To partially automate the method, the researchers coupled computer vision and vision language models with domain knowledge from the scientific literature, which allowed the system to hypothesize sources of irreproducibility and propose solutions. For instance, the models can notice when there’s a millimeter-sized deviation in a sample’s shape or when a pipette moves something misplaced.

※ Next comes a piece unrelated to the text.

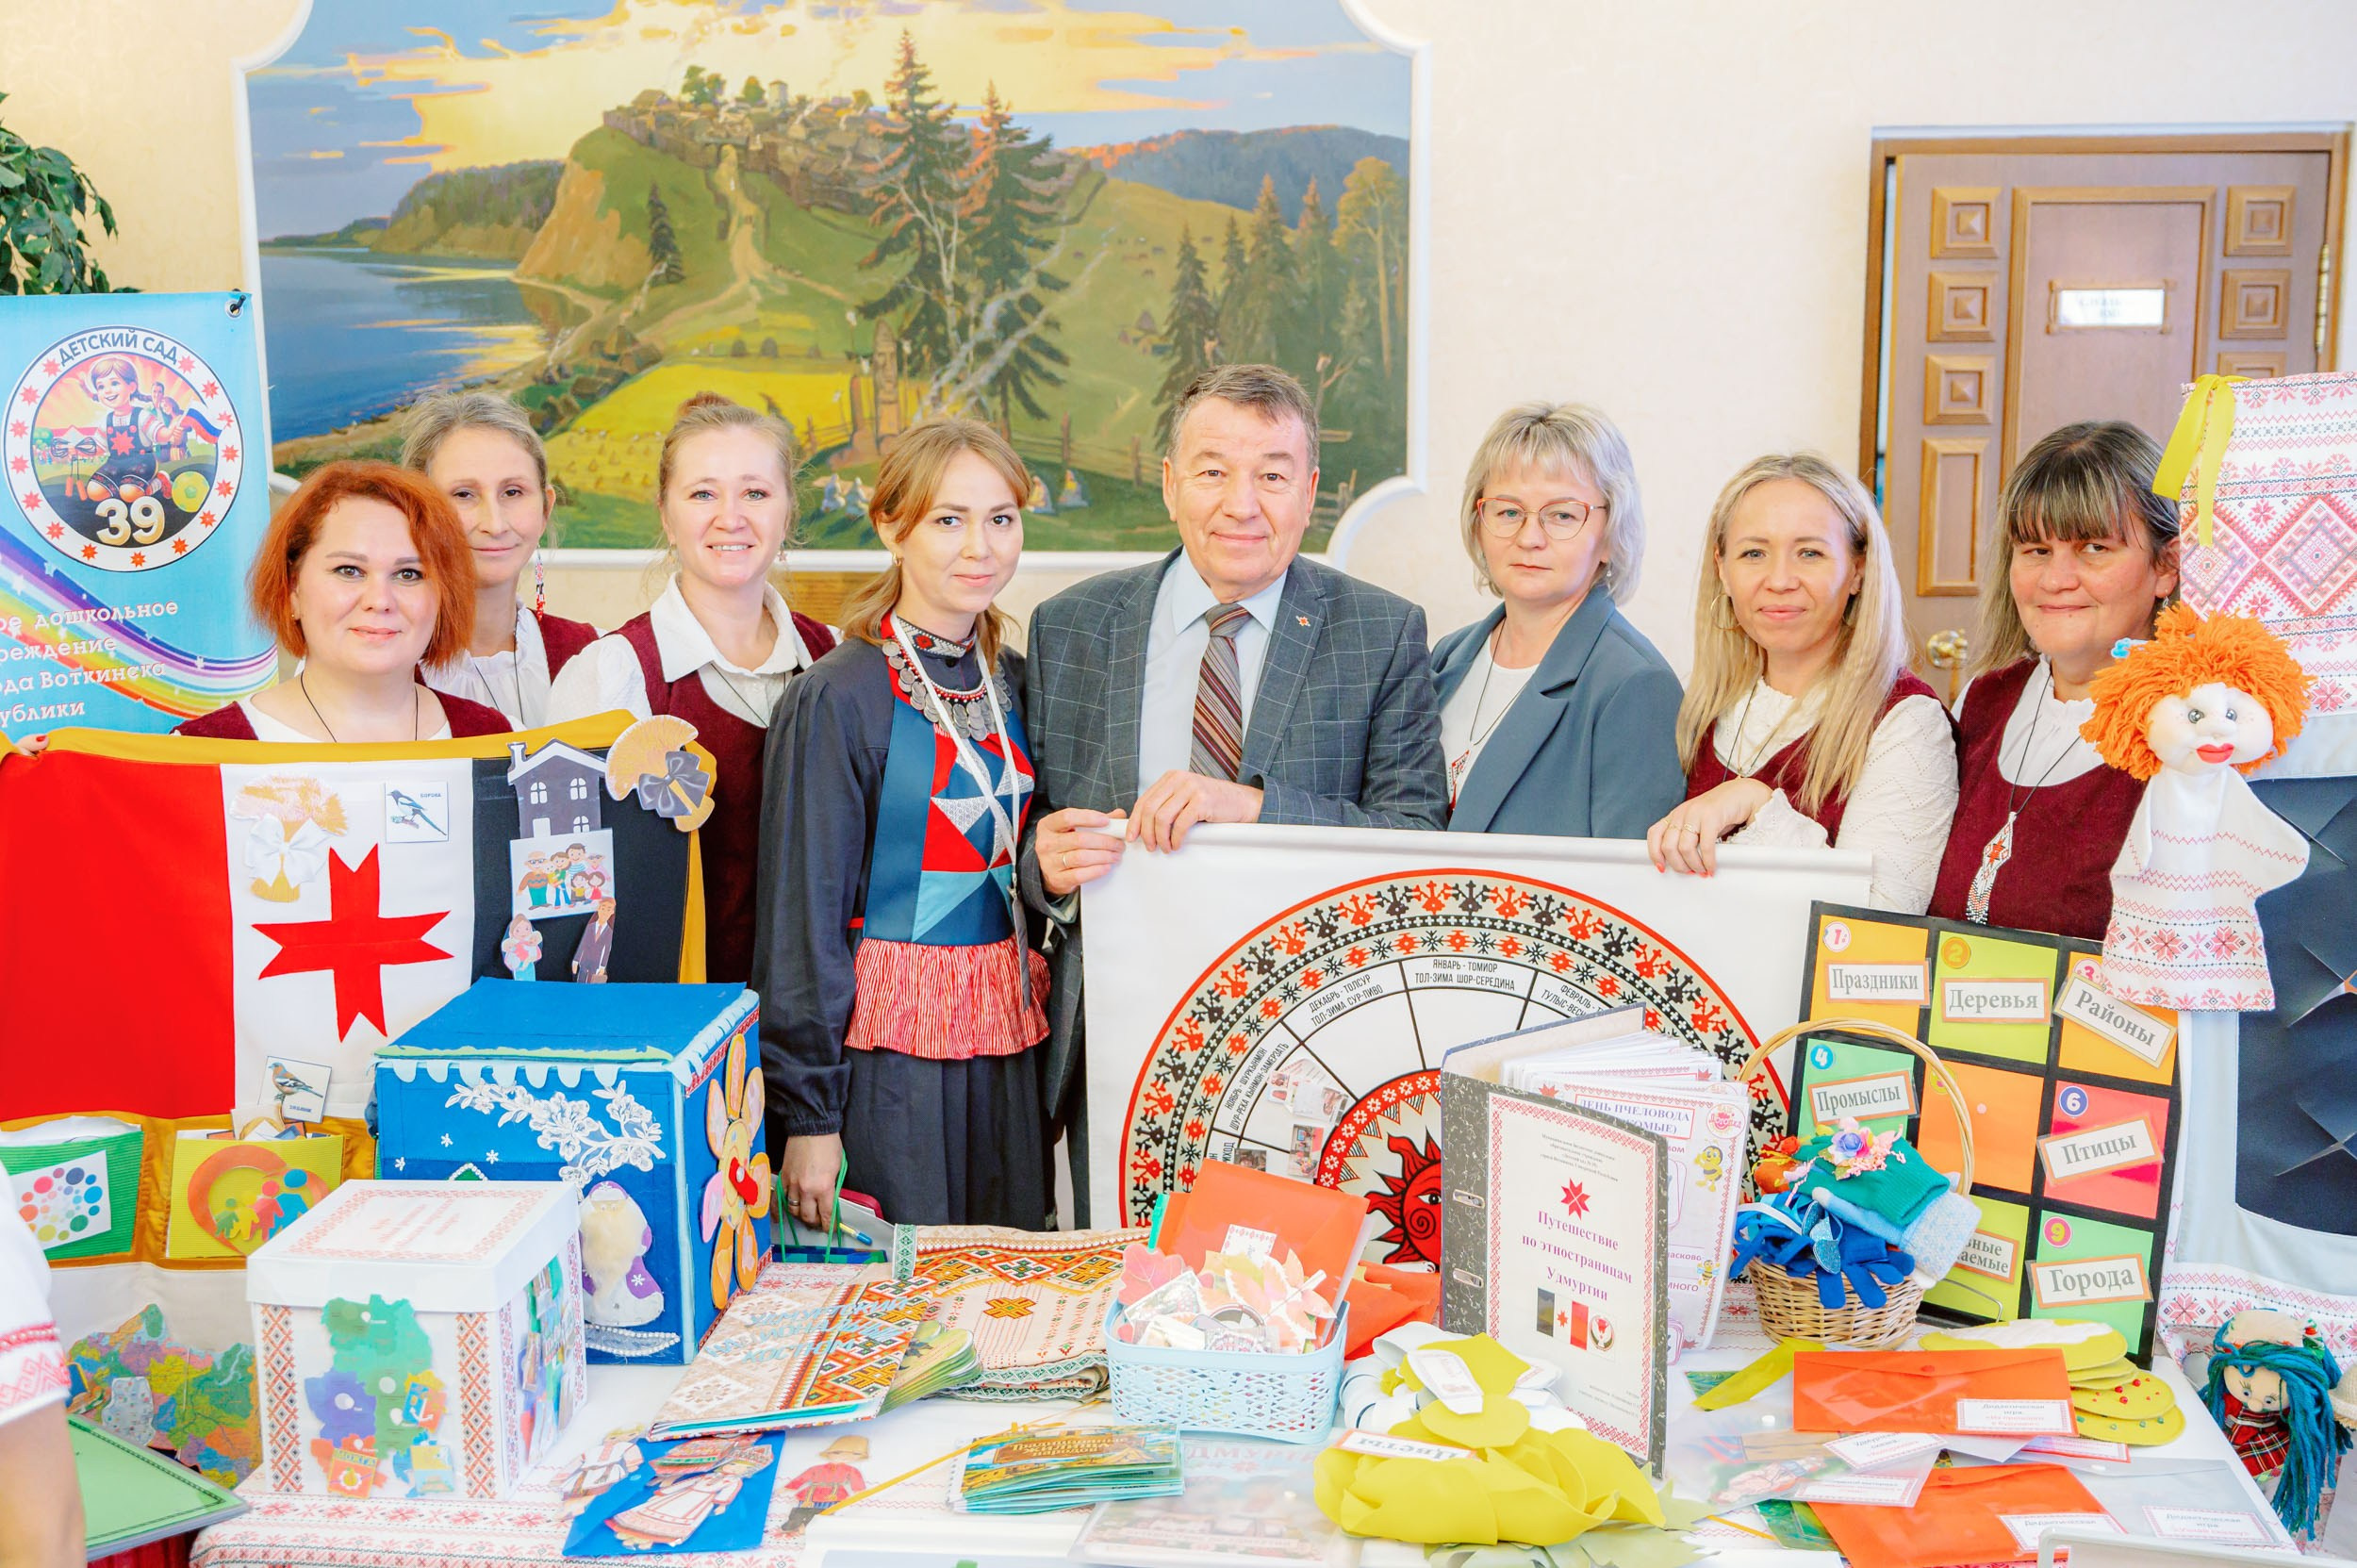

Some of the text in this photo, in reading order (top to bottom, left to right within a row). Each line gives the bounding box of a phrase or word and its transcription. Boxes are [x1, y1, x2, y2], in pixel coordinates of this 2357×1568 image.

The researchers incorporated a number of the model’s suggestions, resulting in improved consistency, suggesting the models already make good experimental assistants.
The researchers noted that humans still performed many of the debugging of their experiments.
“CREST is an assistant, not a alternative, for human researchers,” Li says. “Human researchers are still indispensable. In truth, we use natural language so the system can explain what it’s doing and present observations and hypotheses. But this can be a step toward more flexible, self-driving labs.”